Flexibilit­y is a new mantra at many major banks, which are shifting to more days at home, hours that adjust to suit family needs and reworked office spaces, in a break with industry tradition that has long emphasized face-to-face relationsh­ips built over grueling hours and punishing workloads.

UBS, Citigroup, Wells Fargo, HSBC and BNY Mellon have all announced flexible work plans. Even JPMorgan Chase, the nation’s biggest bank and a hybrid-work holdout, expects that only about half its employees will ultimately be in the office five days a week. The bank’s CEO, Jamie Dimon, wrote in his annual shareholde­r letter April 4 that he believed 10% of JPMorgan’s roughly 271,000 employees could eventually work from home.

“Although the pandemic changed the way we work in many ways, for the most part it only accelerate­d ongoing trends,” Dimon wrote.

But he didn’t sound particular­ly happy about it, ticking off a list of “serious weaknesses” of virtual work, including slowed decision-making and a lack of “spontaneou­s learning and creativity.”

“While it’s clear that working from home will become more permanent in American business, such arrangemen­ts also need to work for both the company and its clients,” he wrote.

But increasing­ly, work schedules also have to work for workers.

“It’s all about the talent — how do you retain it, how do you attract it,” said Naratil of UBS. The bank rolled out its plan in March to allow 10% of its 20,500 U.S. employees to work remotely all the time and offer hybrid schedules for three-quarters of its workers.

“Talent will move, and it’s not only about a paycheck,” he said.

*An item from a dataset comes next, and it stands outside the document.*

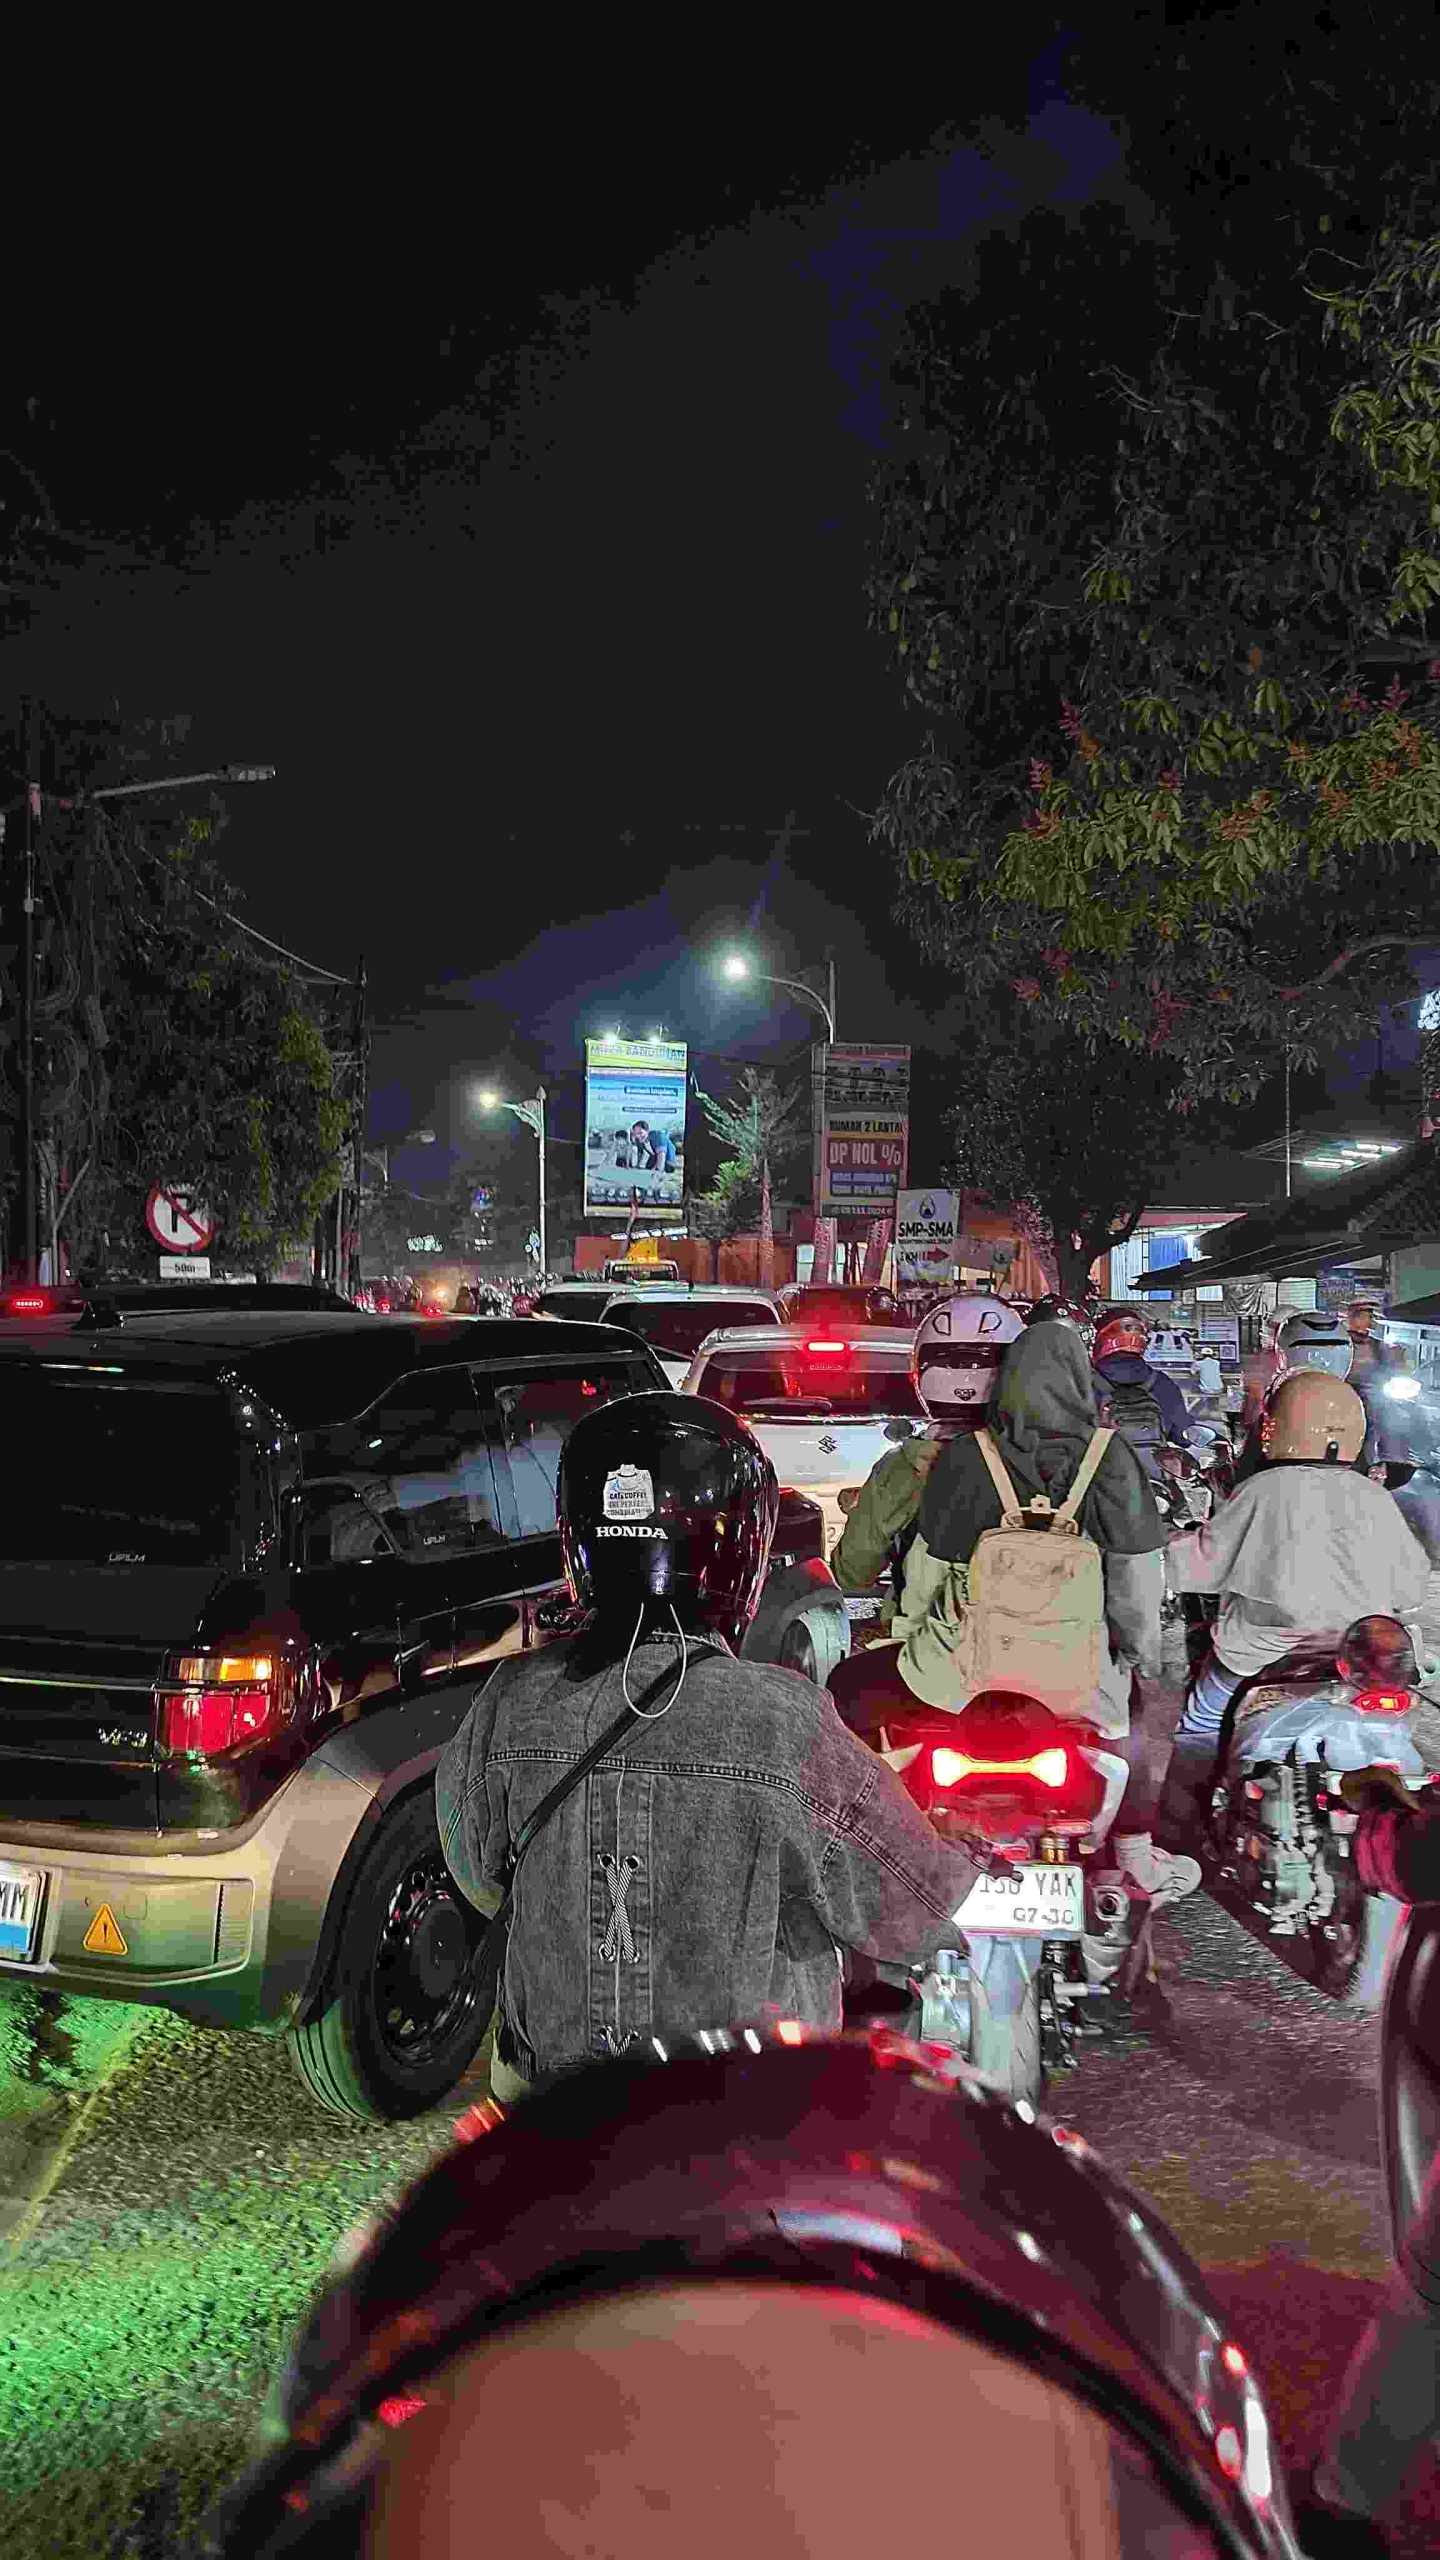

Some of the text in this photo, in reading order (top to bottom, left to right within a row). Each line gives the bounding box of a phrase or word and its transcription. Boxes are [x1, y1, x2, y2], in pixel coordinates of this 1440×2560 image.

Citigroup has its 65,000 U.S. employees in the office two days a week and has held workshops for managers and employees on remote collaborat­ion. Globally, most roles will move to a minimum of three days a week when it is safe to do so, the company said. Wells Fargo started bringing back most of its 249,000-person workforce in mid-March with what it calls a “hybrid flexible model” — for many corporate employees, that entails a minimum of three days a week in the office, while groups that cater to the bank’s technology needs will be able to come in less often.

BNY Mellon, which has nearly 50,000 employees, is allowing teams to determine their own mix of in-person and remote work. And it introduced a two-week “work from anywhere” policy for people in certain roles and locations. “The energy around the office has been palpable” as the staff eagerly map out their plans, said Garrett Marquis, a BNY Mellon spokespers­on.

Moelis & Co., a boutique investment bank, has strongly encouraged its almost 1,000 staff members to come to the office Monday-Thursday, but with added “intraday flexibilit­y” over their hours, said Elizabeth Crain, the company’s chief operating officer. That might mean dropping children off at school in the morning, or taking the train during daylight hours for safety reasons, she said. The new approach fosters teamwork and enables employees to learn from one another in person, while also giving them more control over their schedules.

Crain said everyone is much more flexible. “We all know we can deliver,” she said.

Crain, who has worked in the financial industry for more than three decades, recently committed to something that would have been unthinkabl­e before the pandemic: a weekly 9 a.m. session with a personal trainer near her office. She said she hopes breaking out of the confines of the traditiona­l workday sends a message to employees that they are trusted to get the job done while making time for their personal priorities.

“After two years, haven’t we all changed?” she said.